If you want to retrain the model on YFCC100M, run the tranining script.
cd code
python main.py
You can also retrain the model on SUN3D by modifying related settings in code/config.py.
Demo
We provide a fast running demo. You can also use any two images to generate the initial correspondences and pruning results. Please note the distinction between our conference and journal models.
cd demo
python demo.py
We also give an example for the pruning results of NCMNet+.
Jittor
The code using Jittor Framework is available.
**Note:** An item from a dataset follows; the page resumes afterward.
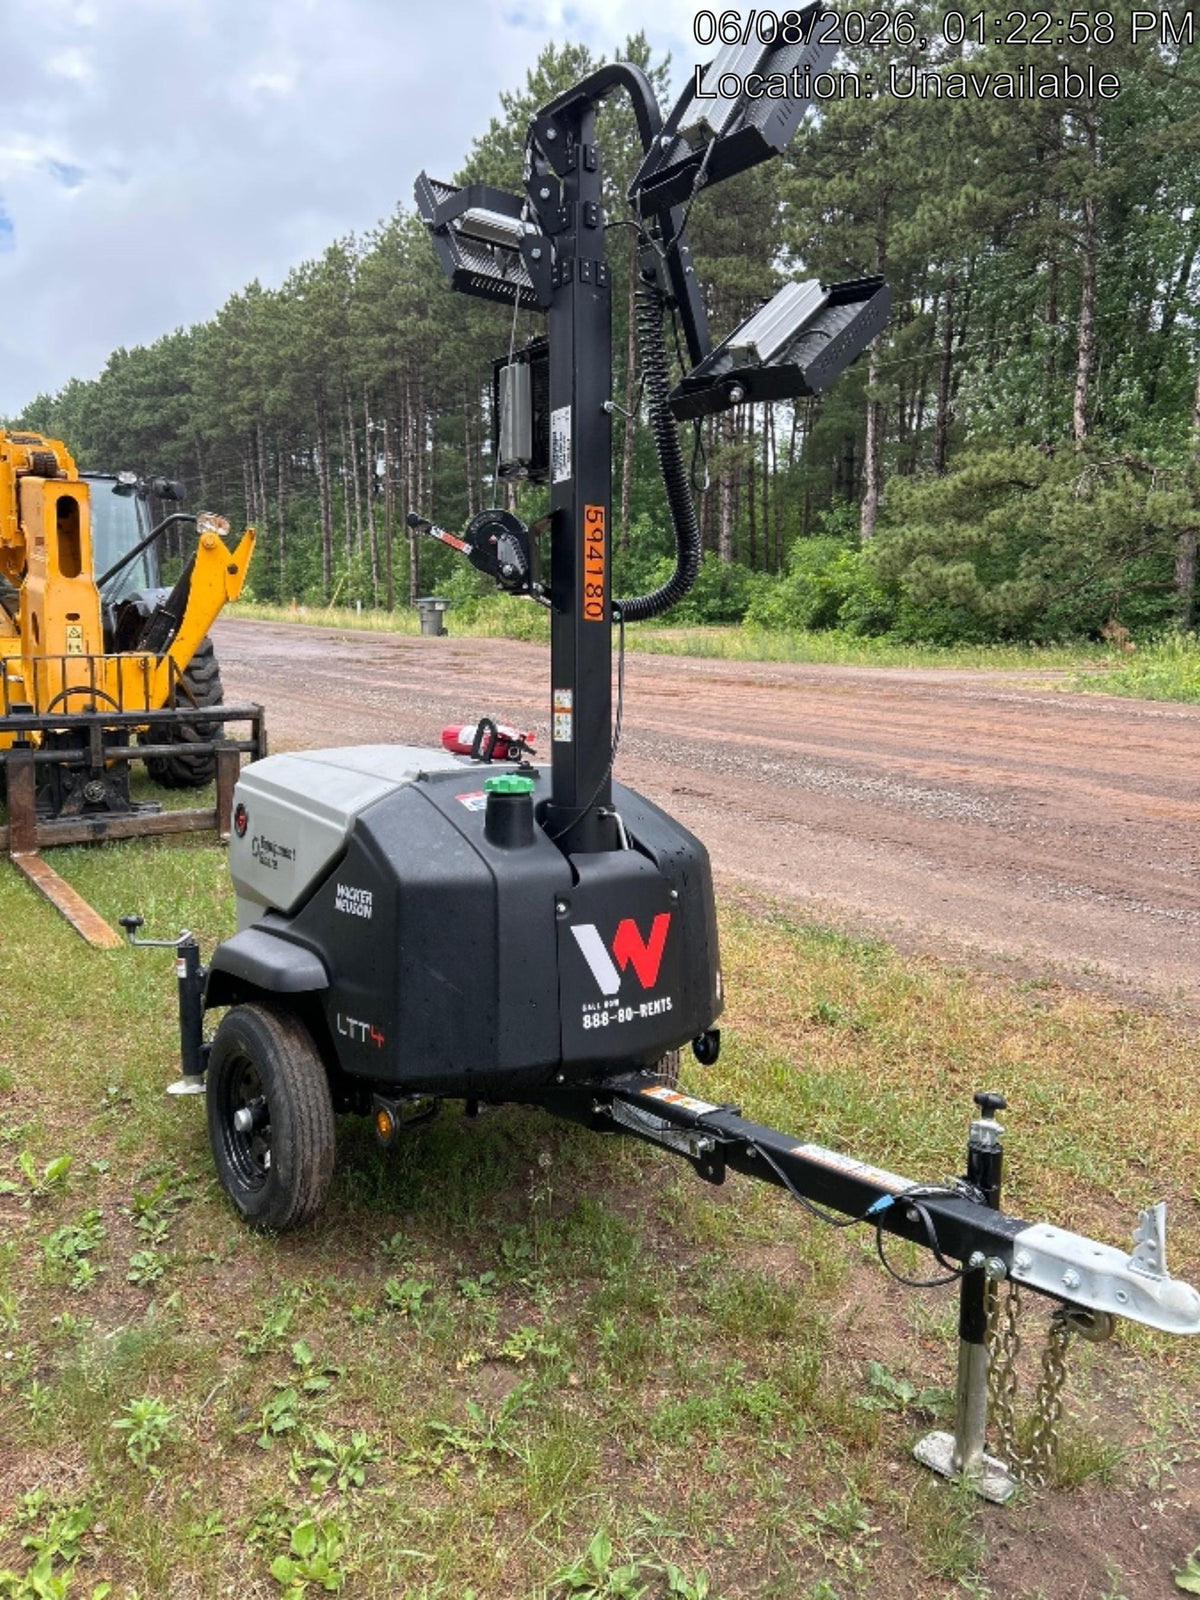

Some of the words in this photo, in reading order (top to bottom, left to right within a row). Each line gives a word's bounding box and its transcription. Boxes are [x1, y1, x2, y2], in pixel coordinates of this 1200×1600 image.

[586, 508, 604, 617] 594180
[337, 883, 373, 905] WACKER
[582, 997, 673, 1029] 888-80-RENTS
You can install the relevant environment according to the provided environment.yml or the [Jittor]. Other training and testing settings are consistent with the Pytorch version.
cd code_jittor
python main.py
Citing NCMNet
If you find the NCMNet code useful, please consider citing:
@article{liu2024ncmnet,
title={NCMNet: Neighbor Consistency Mining Network for Two-View Correspondence Pruning},
author={Liu, Xin and Qin, Rong and Yan, Junchi and Yang, Jufeng},
journal={IEEE Transactions on Pattern Analysis and Machine Intelligence},
volume={46},
number={12},
pages={11254--11272},
year={2024},
publisher={IEEE}
}
@inproceedings{liu2023ncmnet,
author = {Liu, Xin and Yang, Jufeng},
title = {Progressive Neighbor Consistency Mining for Correspondence Pruning},
booktitle = {Proceedings of the IEEE/CVF Conference on Computer Vision and Pattern Recognition (CVPR)},
month = {June},
year = {2023},
pages = {9527-9537}
}
Acknowledgement
We sincerely thank the [OANet] and [CLNet] for their contribution of methodological development.